1) Smiling instantly creates a positive social connection and that reduces stress for everyone concerned. Saying anything with a smile creates a framework of positivity that allows everyone to work/socialize in a relaxed manner.

2) Giving and receiving smiles releases a signal to our brain that we are surrounded by friendly people. Our brain is accustomed to seek out social connections for it wants us to survive. To the brain, more friendly people means better chances of survival. Being smiled at automatically reduces our stress response and puts us in a calmer state.

Fake it till you make it

That’s pop wisdom, isn’t it? But actually helpful when it comes to smiles. We know that good feelings make us smile. Science will tell you the reverse is also true – that smiles make us feel good.

This is because your brain really, really wants you to smile. So much so that it doesn’t distinguish between a truly happy smile and a forced or fake one. Smiles work as an assurance that everything is okay with your surroundings. So whenever you smile, it activates the feel-good hormones to reward you for surviving.

When we are under stress or depressed, these feel-good hormones can be difficult to access.
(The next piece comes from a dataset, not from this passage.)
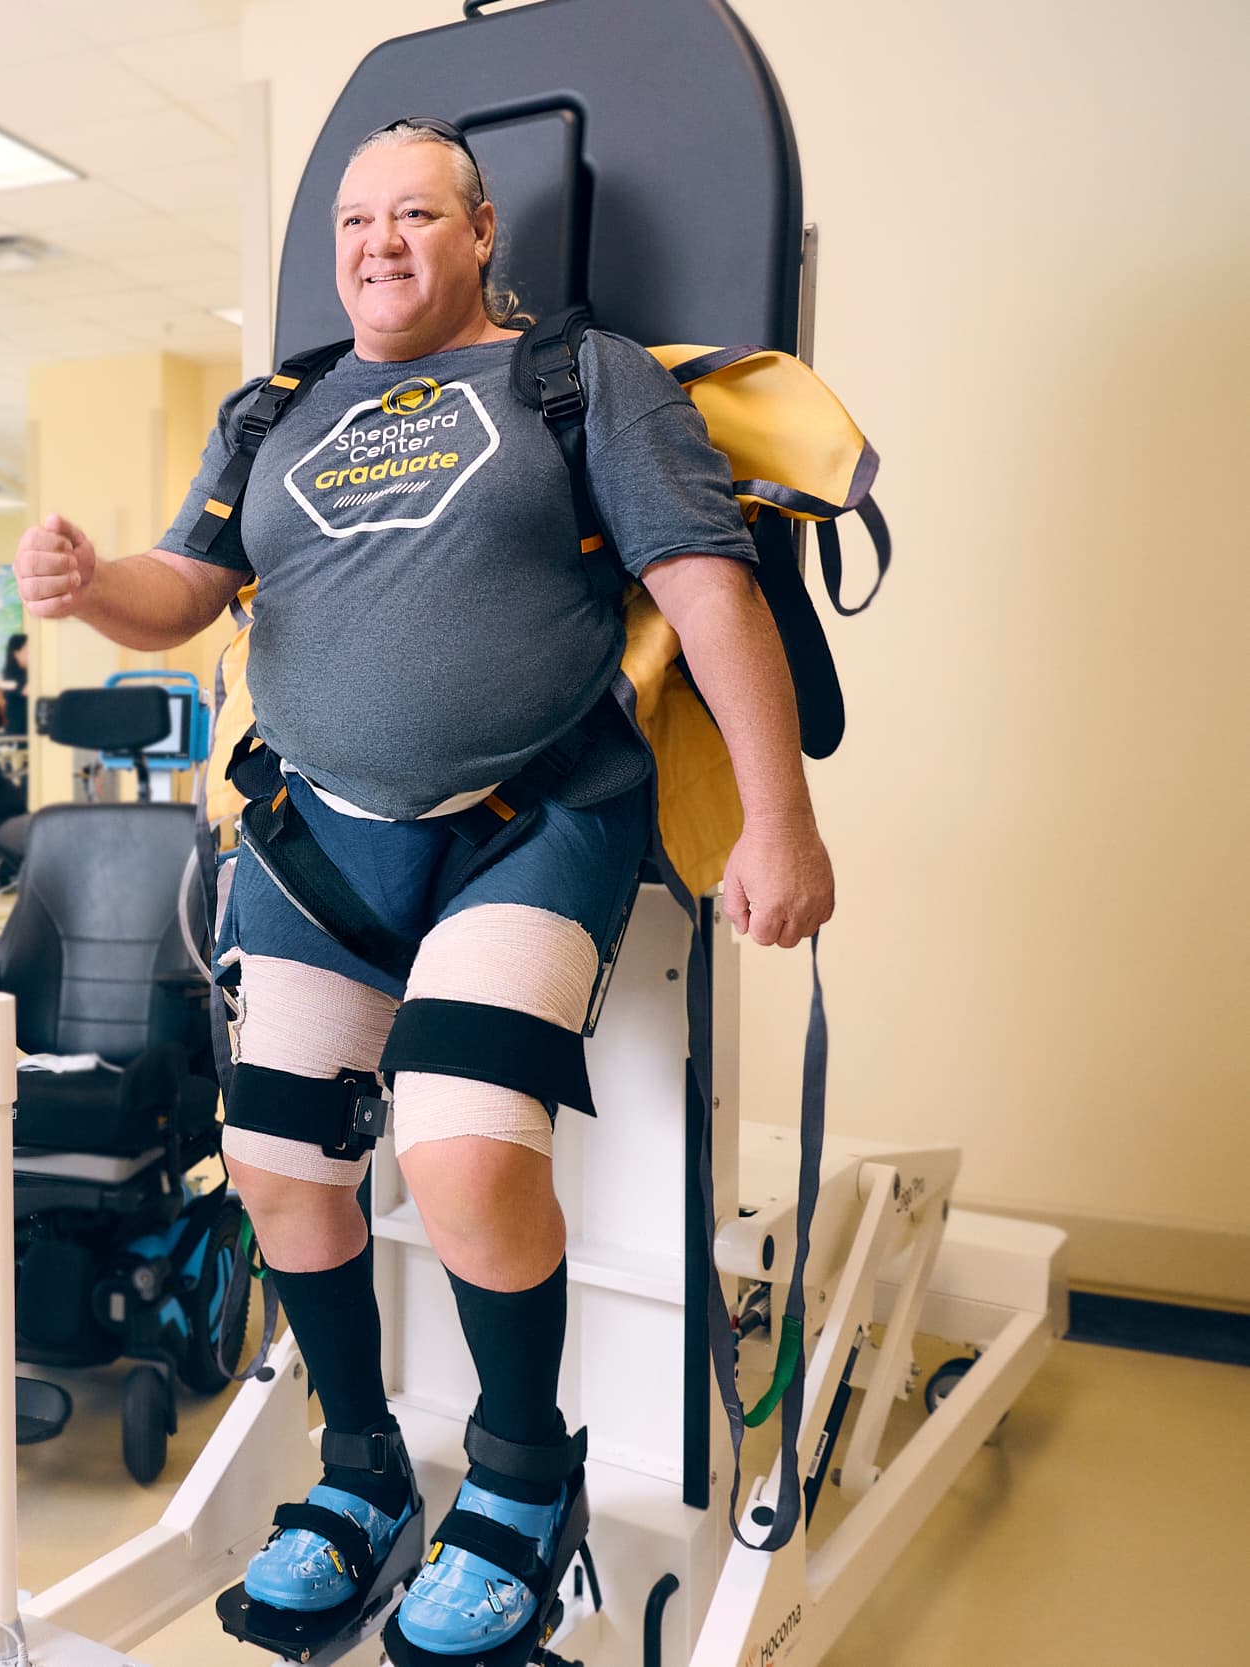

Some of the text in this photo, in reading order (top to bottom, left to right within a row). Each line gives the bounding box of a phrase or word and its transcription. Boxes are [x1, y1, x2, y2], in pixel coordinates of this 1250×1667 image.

Smiling is a way to trick your brain into rewarding you with positive hormones, so that you can actually become equipped to handle and change the negative situations in your life.


The best things in life are free, they say. A smile doesn’t cost anything, yet it can be your shield from a host of health and cognitive issues arising from our day-to-day problems. If you are having a bad day, just flash a big smile – even if you don’t feel like it – and see how the day starts to magically transform. Happy smiling!